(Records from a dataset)
Content starts
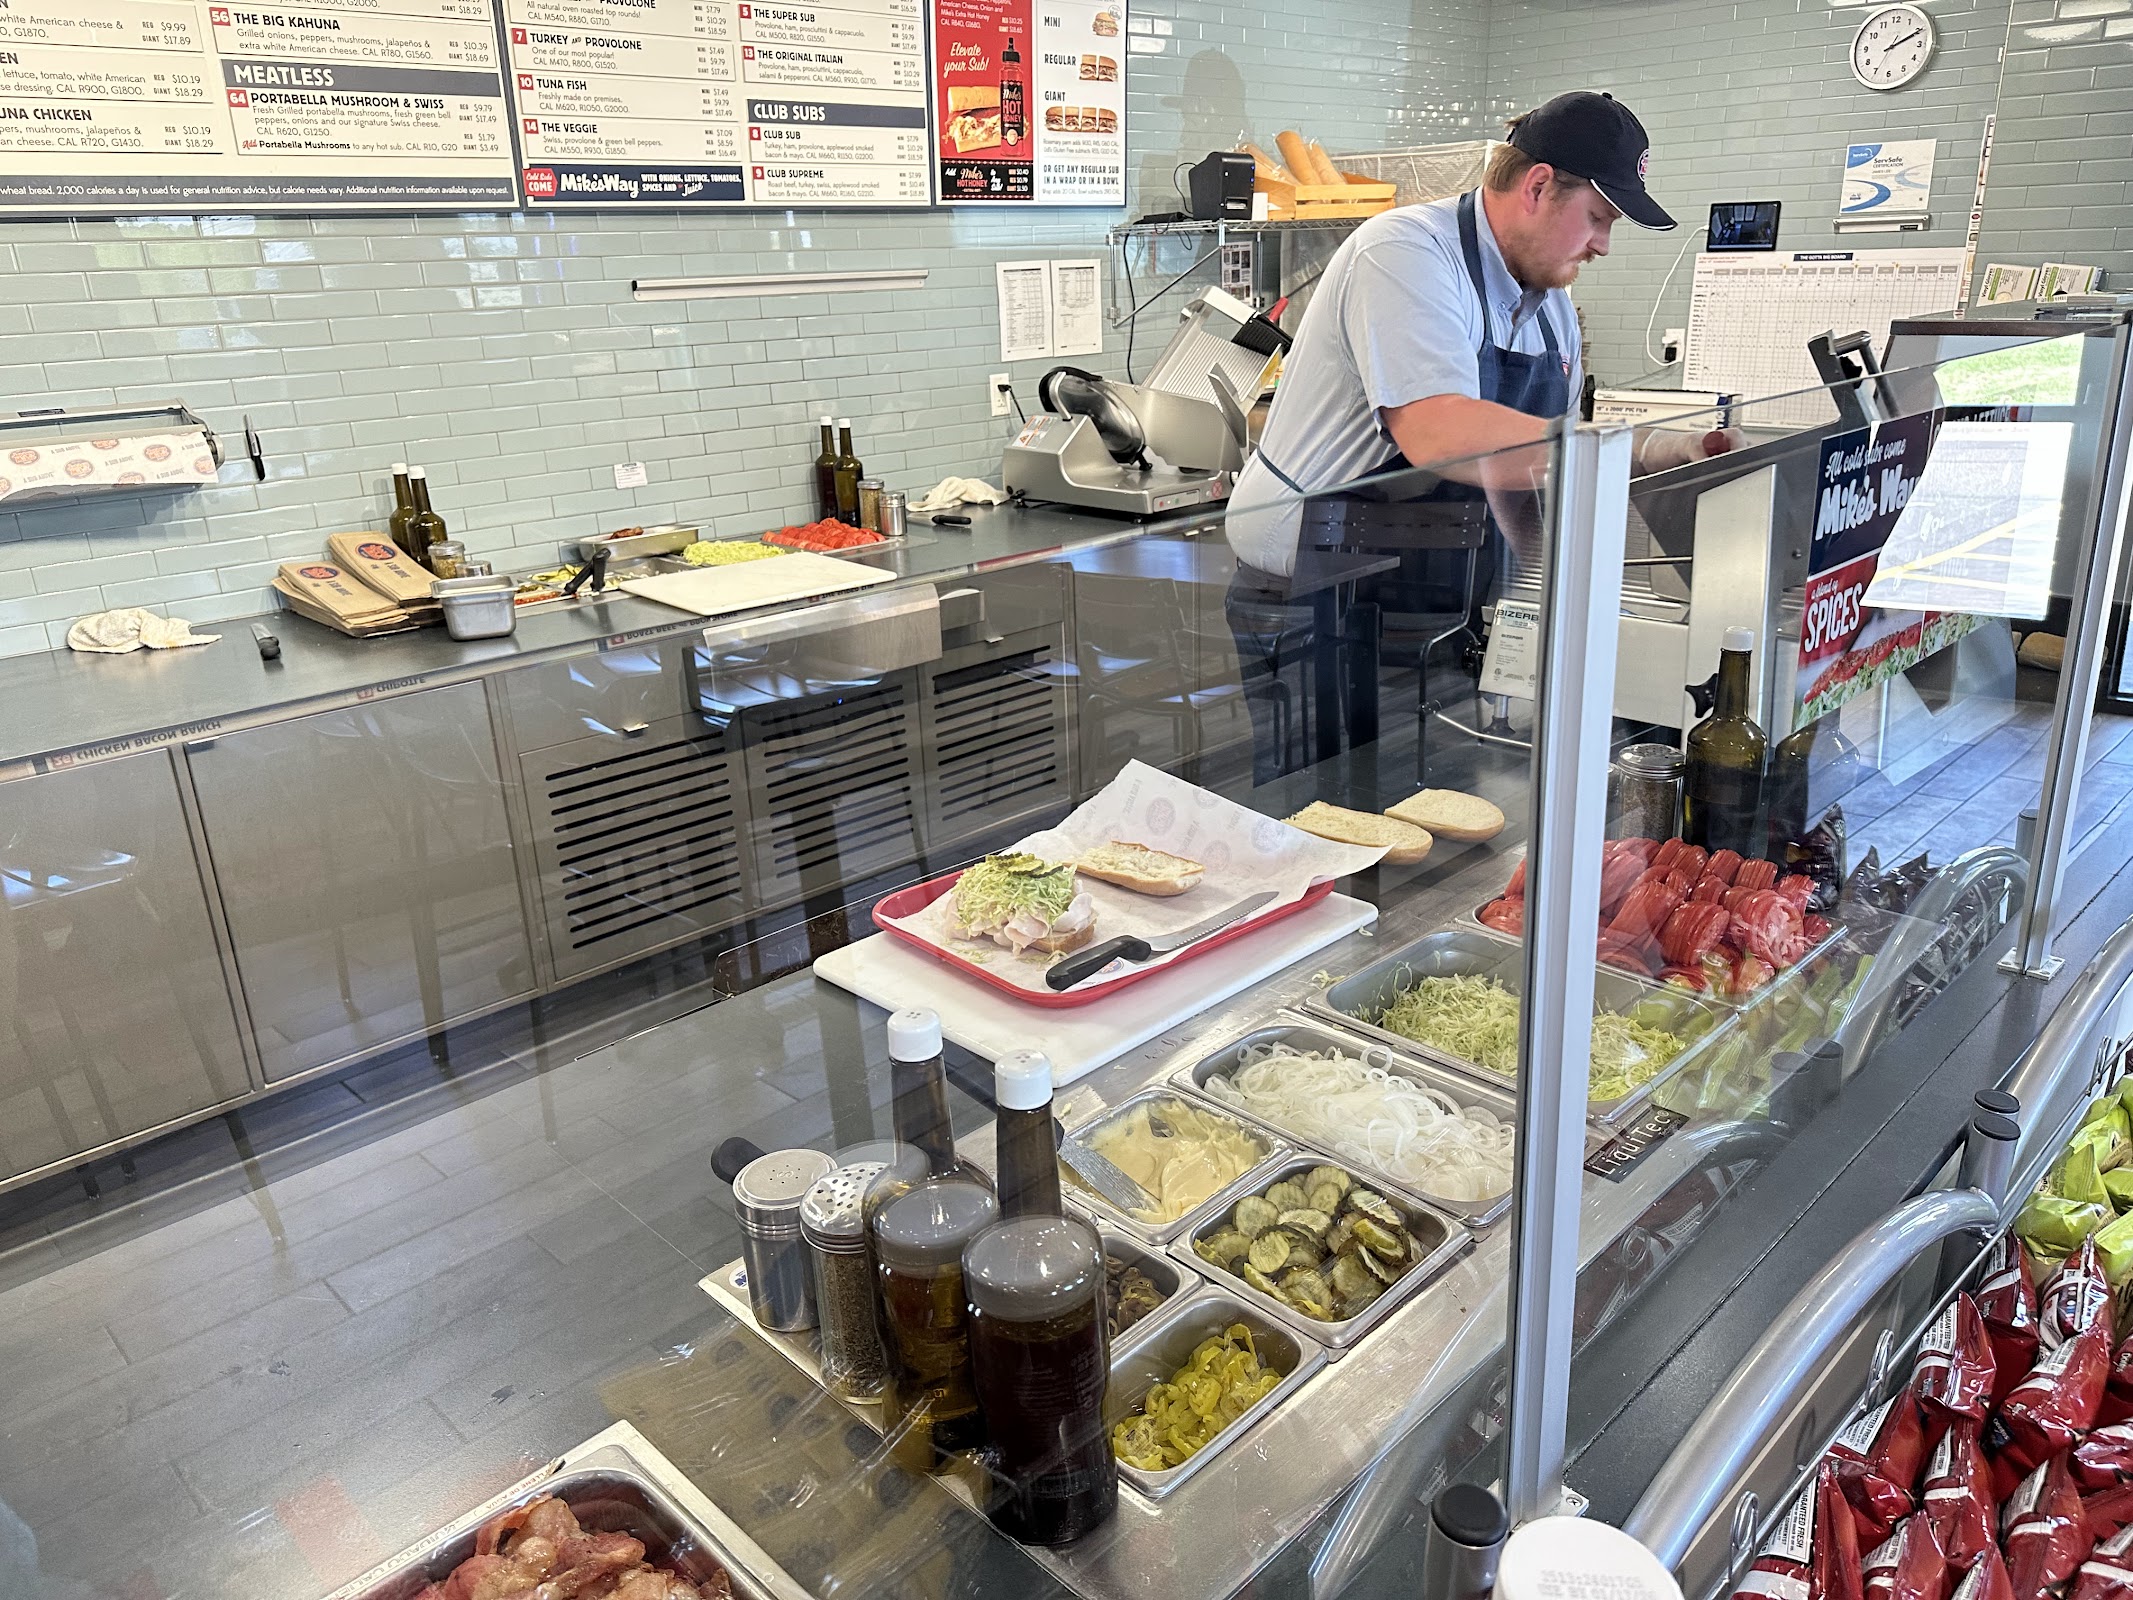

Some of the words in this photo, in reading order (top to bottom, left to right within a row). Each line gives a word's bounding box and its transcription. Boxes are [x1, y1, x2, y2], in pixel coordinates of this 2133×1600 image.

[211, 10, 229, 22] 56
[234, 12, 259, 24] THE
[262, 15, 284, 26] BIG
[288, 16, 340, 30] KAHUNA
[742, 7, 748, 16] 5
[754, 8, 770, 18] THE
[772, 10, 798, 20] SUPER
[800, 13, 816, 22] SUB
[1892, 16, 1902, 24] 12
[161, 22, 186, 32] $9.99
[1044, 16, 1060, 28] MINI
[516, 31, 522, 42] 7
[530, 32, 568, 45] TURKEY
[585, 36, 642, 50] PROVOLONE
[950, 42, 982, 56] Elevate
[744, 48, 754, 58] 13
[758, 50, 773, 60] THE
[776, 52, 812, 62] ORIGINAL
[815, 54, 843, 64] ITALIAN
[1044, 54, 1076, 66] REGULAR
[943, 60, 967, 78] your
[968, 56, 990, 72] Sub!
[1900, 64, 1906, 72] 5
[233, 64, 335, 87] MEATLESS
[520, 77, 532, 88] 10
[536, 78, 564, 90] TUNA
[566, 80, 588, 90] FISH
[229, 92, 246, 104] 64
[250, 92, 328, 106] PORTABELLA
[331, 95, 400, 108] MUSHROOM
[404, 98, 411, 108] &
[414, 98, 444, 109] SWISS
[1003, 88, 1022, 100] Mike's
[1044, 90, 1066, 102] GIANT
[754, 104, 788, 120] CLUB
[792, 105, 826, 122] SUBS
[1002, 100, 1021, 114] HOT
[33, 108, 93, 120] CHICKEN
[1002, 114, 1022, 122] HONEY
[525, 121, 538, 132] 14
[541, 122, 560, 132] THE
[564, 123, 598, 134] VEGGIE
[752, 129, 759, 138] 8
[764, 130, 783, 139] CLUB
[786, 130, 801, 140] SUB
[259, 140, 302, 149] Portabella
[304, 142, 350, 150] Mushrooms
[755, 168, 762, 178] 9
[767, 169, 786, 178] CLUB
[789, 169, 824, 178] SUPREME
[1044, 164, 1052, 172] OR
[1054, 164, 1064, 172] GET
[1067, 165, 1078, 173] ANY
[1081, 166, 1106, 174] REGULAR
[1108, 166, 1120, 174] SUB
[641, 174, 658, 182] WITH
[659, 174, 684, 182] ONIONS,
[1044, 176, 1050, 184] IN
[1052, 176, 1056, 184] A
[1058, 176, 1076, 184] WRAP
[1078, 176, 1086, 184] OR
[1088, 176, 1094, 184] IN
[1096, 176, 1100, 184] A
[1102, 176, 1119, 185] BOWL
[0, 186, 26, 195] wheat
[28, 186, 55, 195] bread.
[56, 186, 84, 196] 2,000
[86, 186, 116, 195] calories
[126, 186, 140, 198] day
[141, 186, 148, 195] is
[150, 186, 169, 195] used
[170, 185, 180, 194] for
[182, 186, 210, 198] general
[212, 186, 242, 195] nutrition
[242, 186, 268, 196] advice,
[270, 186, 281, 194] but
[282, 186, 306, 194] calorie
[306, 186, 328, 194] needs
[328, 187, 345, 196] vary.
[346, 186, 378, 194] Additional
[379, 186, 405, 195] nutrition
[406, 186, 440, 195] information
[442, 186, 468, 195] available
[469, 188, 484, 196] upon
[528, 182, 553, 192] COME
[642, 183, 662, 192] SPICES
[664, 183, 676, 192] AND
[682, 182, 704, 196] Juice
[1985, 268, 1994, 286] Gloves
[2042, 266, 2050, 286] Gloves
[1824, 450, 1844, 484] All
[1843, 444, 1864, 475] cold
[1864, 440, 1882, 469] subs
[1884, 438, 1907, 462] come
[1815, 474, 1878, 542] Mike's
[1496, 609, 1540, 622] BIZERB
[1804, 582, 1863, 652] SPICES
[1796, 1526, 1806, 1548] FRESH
Content ends
An answer is complete only when it holds every line above containing the string "nutrition".

Solution to the problem:
[212, 186, 242, 195] nutrition
[379, 186, 405, 195] nutrition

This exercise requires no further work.